Option 1: Using the Plots.jl default settings
The Plots.jl package provides default settings that can be used to achieve clean scientific formatting. By default, Plots.jl uses the GR backend, which is a high-performance plotting engine. To enable clean scientific formatting, we can simply set the default backend to GR and adjust the formatting options.
using Plots
gr()
With the above code, we set the default backend to GR. Now, let’s adjust the formatting options to achieve clean scientific formatting.
default(fmt = :svg)
default(size = (800, 600))
default(fontfamily = "Arial")
In the above code, we set the default output format to SVG, which is a vector-based format suitable for scientific plots. We also set the default size of the plots to 800×600 pixels and the default font family to Arial.
Option 2: Customizing the Plots.jl settings
If the default settings of Plots.jl do not meet your requirements, you can customize the settings to achieve clean scientific formatting. Plots.jl provides a wide range of options that can be adjusted to customize the appearance of the plots.
using Plots
gr()
Similar to Option 1, we set the default backend to GR. Now, let’s customize the formatting options to achieve clean scientific formatting.
default(fmt = :png)
default(size = (800, 600))
default(fontfamily = "Helvetica")
default(linewidth = 2)
default(color = :black)
In the above code, we set the default output format to PNG, which is a raster-based format suitable for scientific plots. We also set the default size of the plots to 800×600 pixels, the default font family to Helvetica, the default line width to 2, and the default color to black.
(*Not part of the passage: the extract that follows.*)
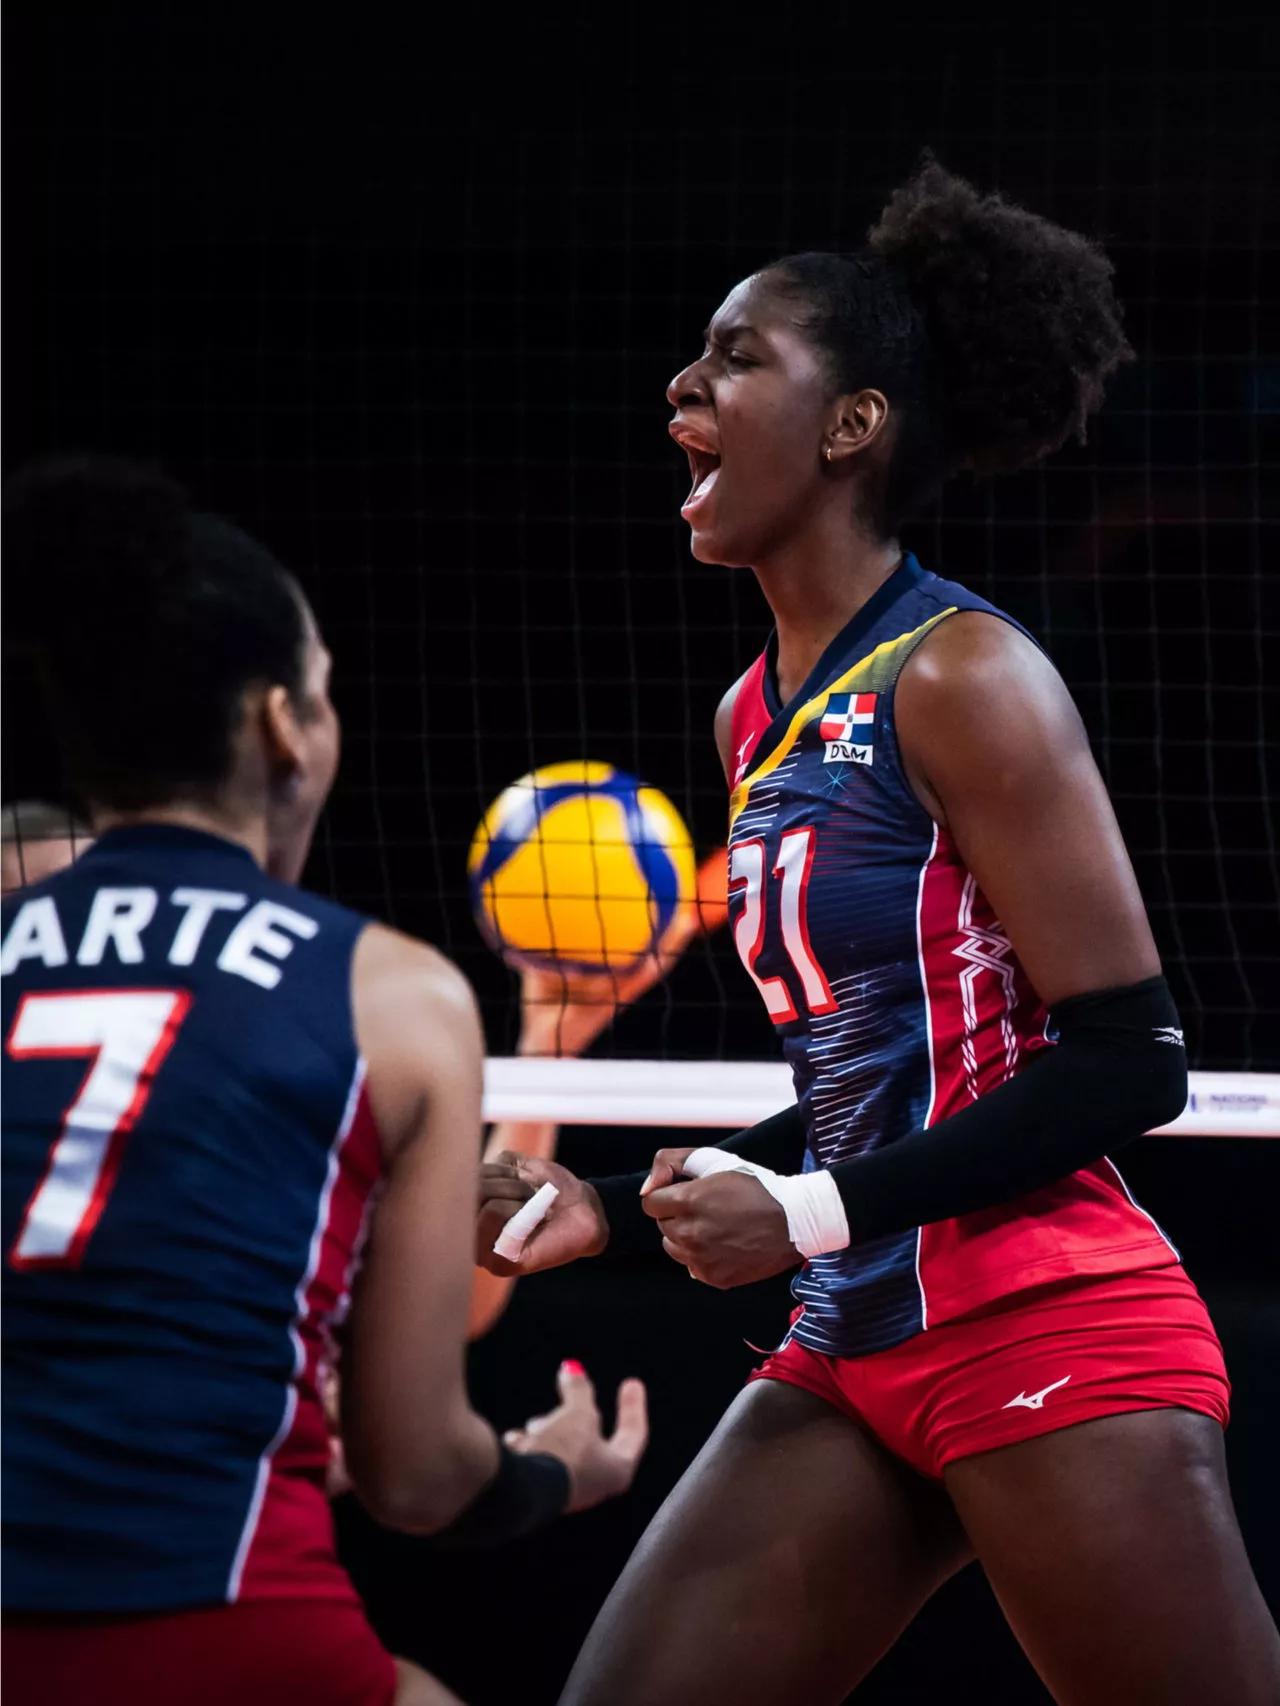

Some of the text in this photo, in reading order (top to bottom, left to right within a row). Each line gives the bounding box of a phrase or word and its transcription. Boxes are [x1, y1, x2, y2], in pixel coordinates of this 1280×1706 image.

[0, 886, 320, 990] ARTE
[728, 825, 839, 1025] 21
[7, 987, 195, 1272] 7
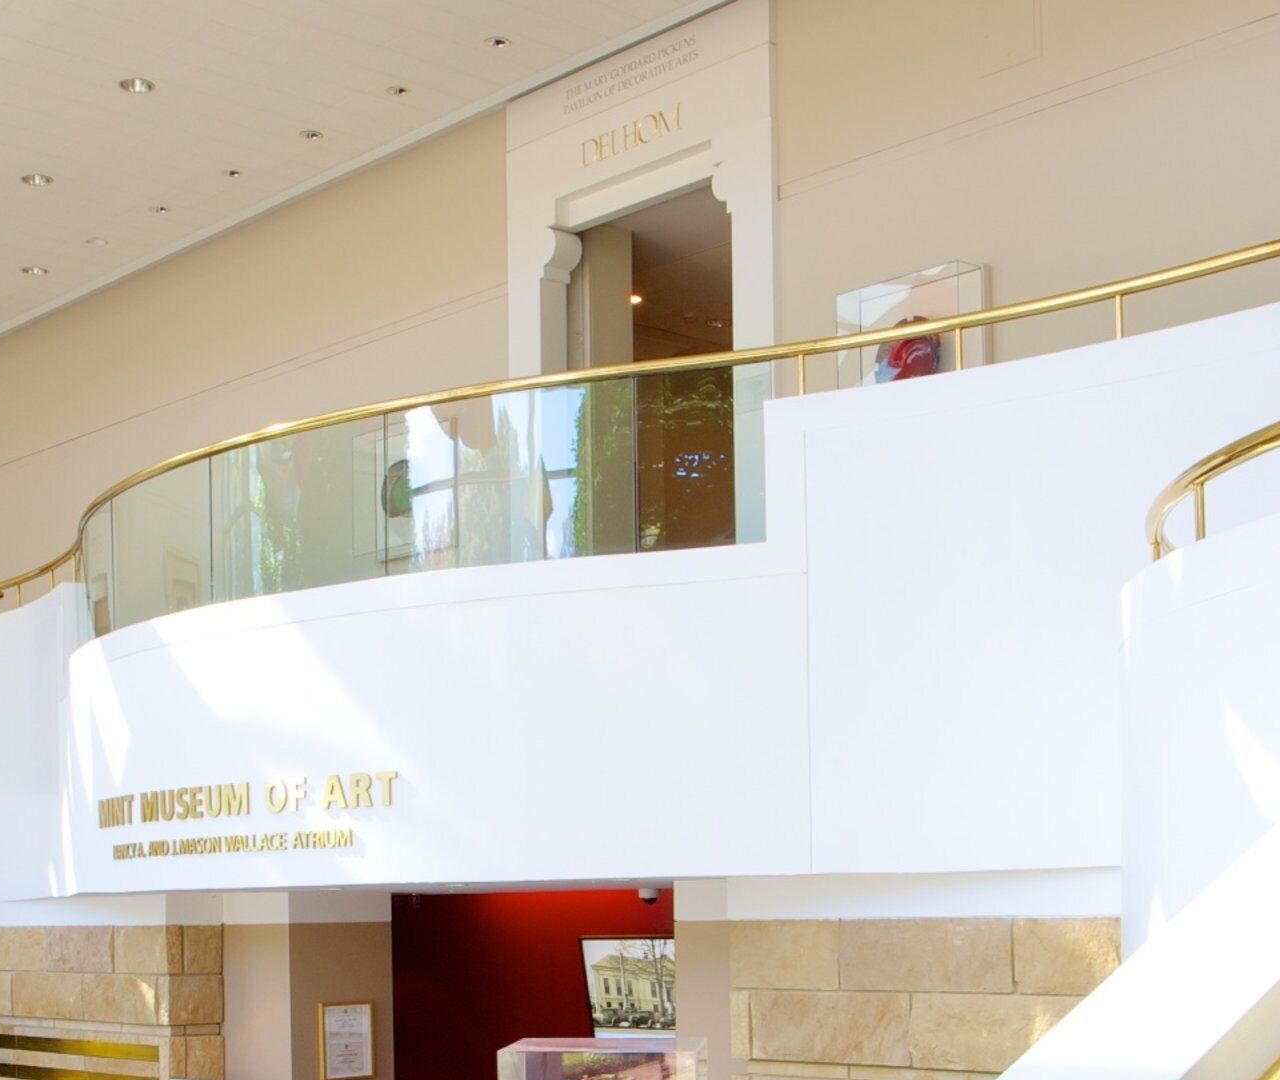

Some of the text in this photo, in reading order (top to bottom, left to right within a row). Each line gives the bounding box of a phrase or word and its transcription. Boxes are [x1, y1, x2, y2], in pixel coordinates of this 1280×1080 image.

Option 3: Using the PyPlot backend
If neither the default settings nor the customized settings of Plots.jl meet your requirements, you can switch to the PyPlot backend, which provides more flexibility in terms of formatting options. PyPlot is a Julia interface to the popular Python plotting library, Matplotlib.
using Plots
pyplot()
With the above code, we switch the backend to PyPlot. Now, let’s customize the formatting options using the PyPlot backend.
default(fmt = :pdf)
default(size = (800, 600))
default(fontfamily = "Times New Roman")
default(linewidth = 1)
default(color = :blue)
In the above code, we set the default output format to PDF, which is a vector-based format suitable for scientific plots. We also set the default size of the plots to 800×600 pixels, the default font family to Times New Roman, the default line width to 1, and the default color to blue.
After exploring the three options, it is difficult to determine which one is better as it depends on the specific requirements of the plot and personal preferences. Option 1 provides a simple and straightforward way to achieve clean scientific formatting using the default settings of Plots.jl. Option 2 allows for more customization by adjusting the formatting options. Option 3 provides the most flexibility by switching to the PyPlot backend. It is recommended to experiment with different options and choose the one that best suits your needs.